Conclusion and Next Steps
Decision: Hold
Rationale: The TxGNN prediction for Adenine → Drug-Induced Osteoporosis is assessed as a false positive driven by semantic conflation: adenine nucleotide analogues (Adefovir, Tenofovir) co-occur with drug-induced osteoporosis in the literature precisely because they cause the condition, and the model has not distinguished this from a therapeutic relationship. There is no mechanistic hypothesis, no clinical trial evidence, and no published literature supporting adenine itself as a treatment for drug-induced osteoporosis.

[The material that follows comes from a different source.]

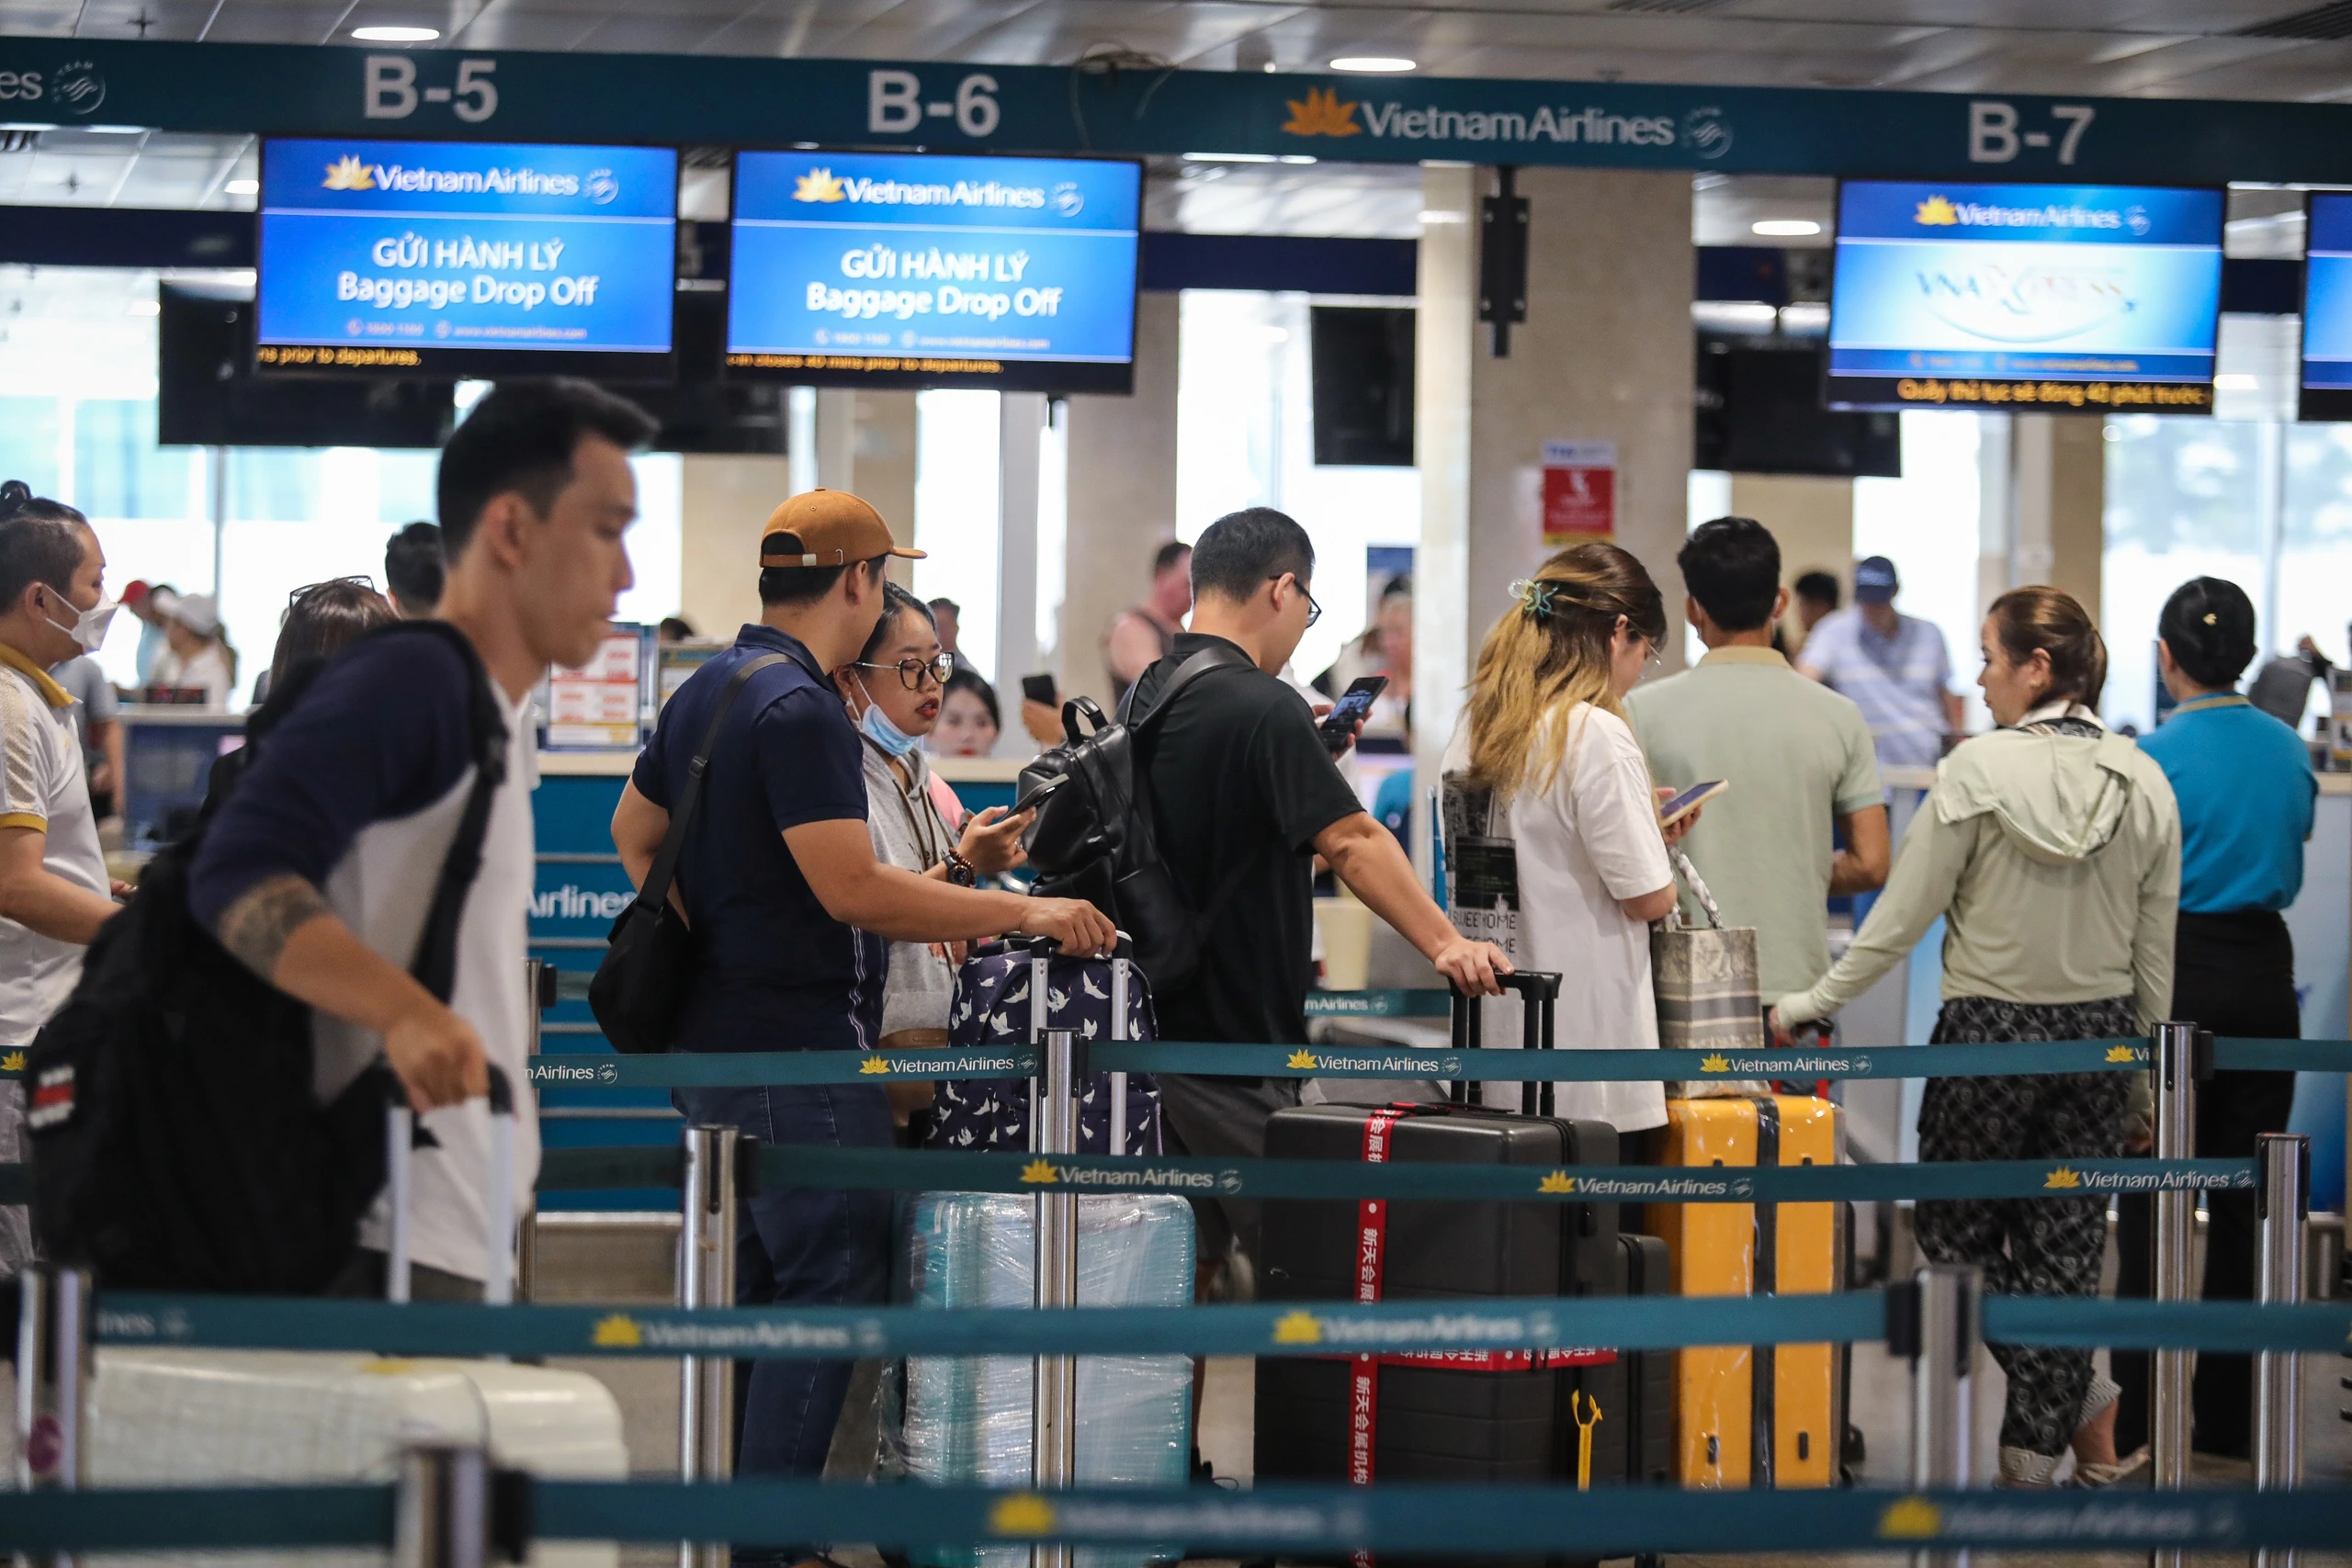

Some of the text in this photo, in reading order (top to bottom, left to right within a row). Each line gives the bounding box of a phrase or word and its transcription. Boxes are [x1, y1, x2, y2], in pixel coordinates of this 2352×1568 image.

To proceed, the following would be needed:
- A credible mechanistic hypothesis explaining how free adenine (not its phosphonate analogues) could therapeutically reverse or prevent drug-induced osteoporosis
- Preclinical evidence (cell-based or animal model) specifically testing adenine — not adefovir or tenofovir — in a bone loss model
- Knowledge graph audit to flag and correct the adenine ↔ adenine-analogue semantic conflation in TxGNN, to prevent similar false-positive propagation to other candidates
- If no mechanistic rationale can be established after literature review, this candidate should be formally deprioritized and recorded as a confirmed model artefact
Disclaimer
This content is for research purposes only and does not constitute medical advice. Clinical validation is required before any clinical application.